As part of the region of Greater Poland, i.e. the cradle of the Polish state, the area formed part of Poland since its establishment in the 10th century. The village was mentioned in 1257 as a property of the Cistercian abbey of Gościkowo. The Gothic parish church was established by 1510. Kaława administratively located in the Poznań County in the Poznań Voivodeship in the Greater Poland Province. The church was plundered by the Swedish troops which Field Marshal Arvid Wittenberg led into Poland during the Second Northern War in 1655 and afterwards was rebuilt in a Baroque style.
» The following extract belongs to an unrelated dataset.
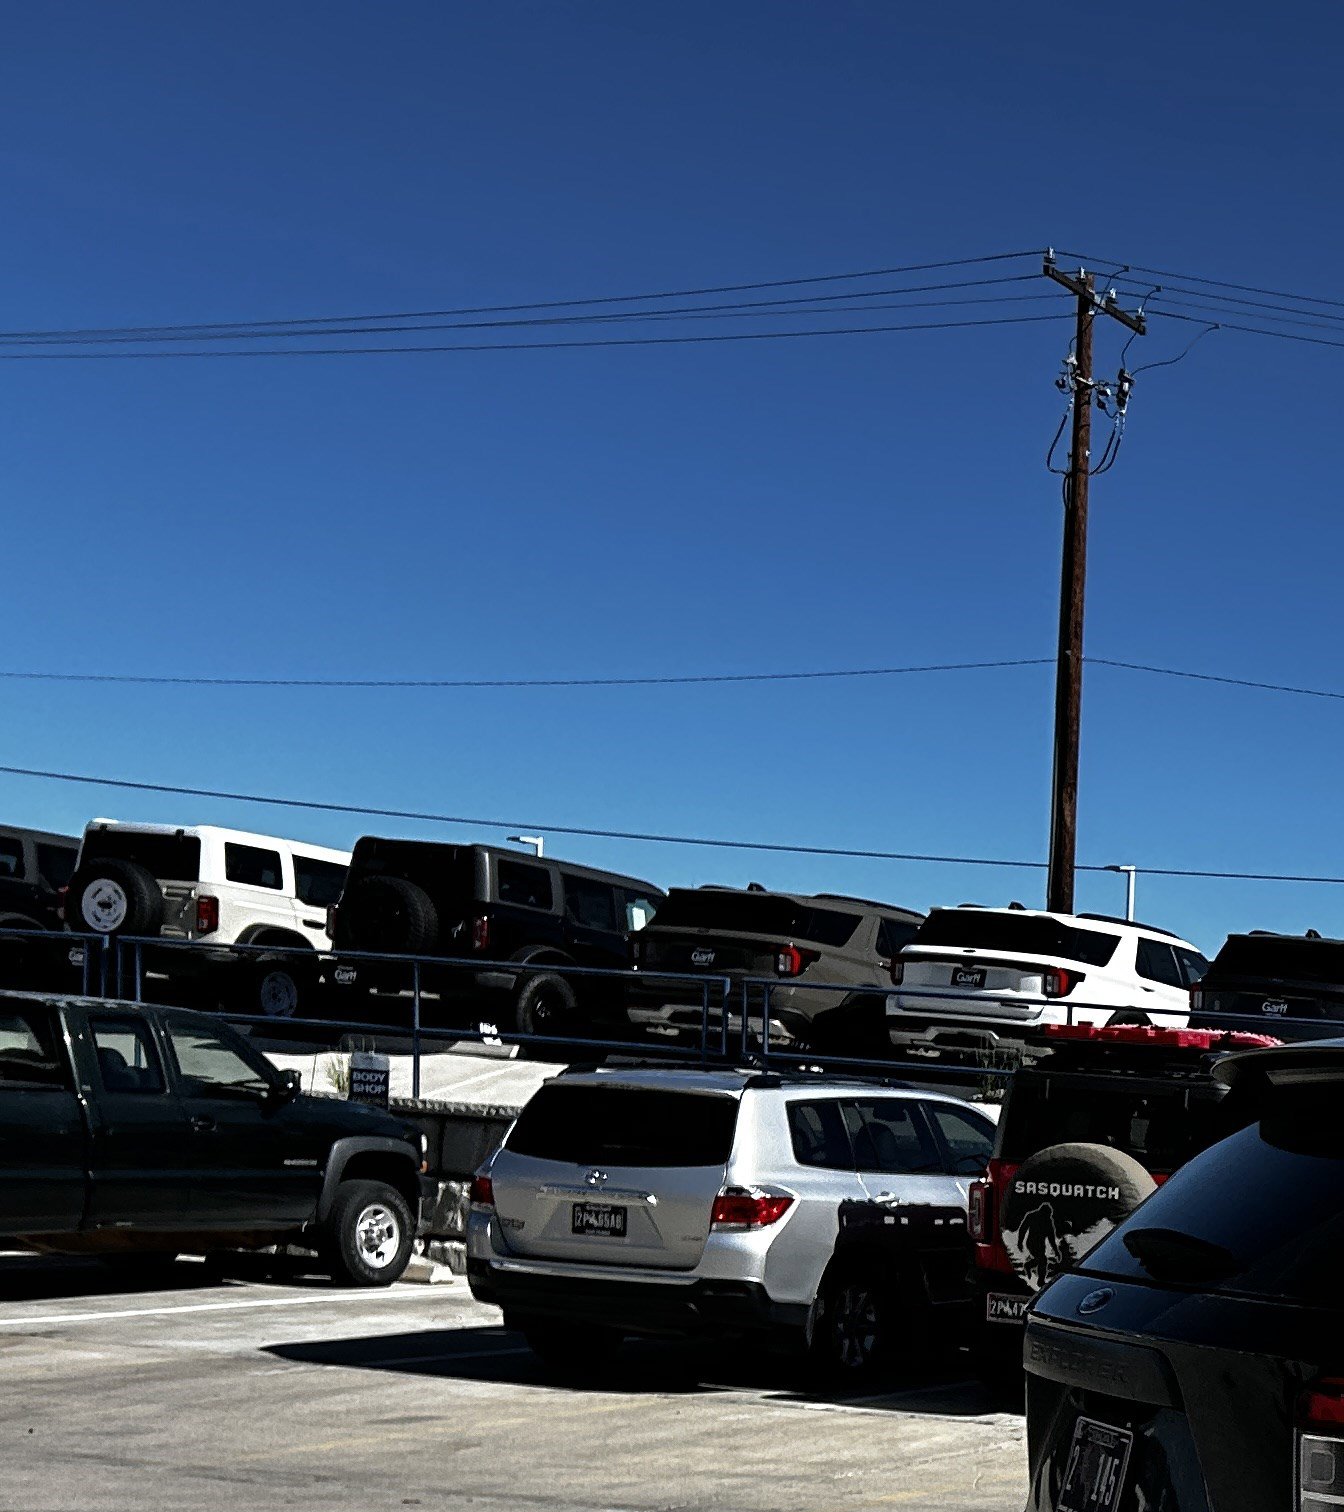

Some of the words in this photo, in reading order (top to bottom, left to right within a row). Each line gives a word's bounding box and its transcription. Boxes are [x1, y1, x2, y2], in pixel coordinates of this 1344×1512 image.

[353, 1071, 386, 1082] BODY
[353, 1083, 386, 1094] SHOP
[1014, 1180, 1120, 1200] SASQUATCH
In the 1793 Second Partition of Poland Kaława was annexed by the Kingdom of Prussia. After the successful Greater Poland uprising of 1806, it was regained by Poles and included within the short-lived Duchy of Warsaw, and after the duchy's dissolution in 1815, the village was reannexed by Prussia, and made part of Kreis Meseritz in 1818. In the 1930s the central parts of the German Festungsfront Oder-Warthe-Bogen military defence (Werkgruppe Scharnhorst) were laid out west of the village, they were overcome by Soviet Red Army forces during the Vistula–Oder Offensive on 29–30 January 1945. Following the war, Kaława became again part of Poland.

In 1975–98 the village belonged to Gorzów Voivodeship.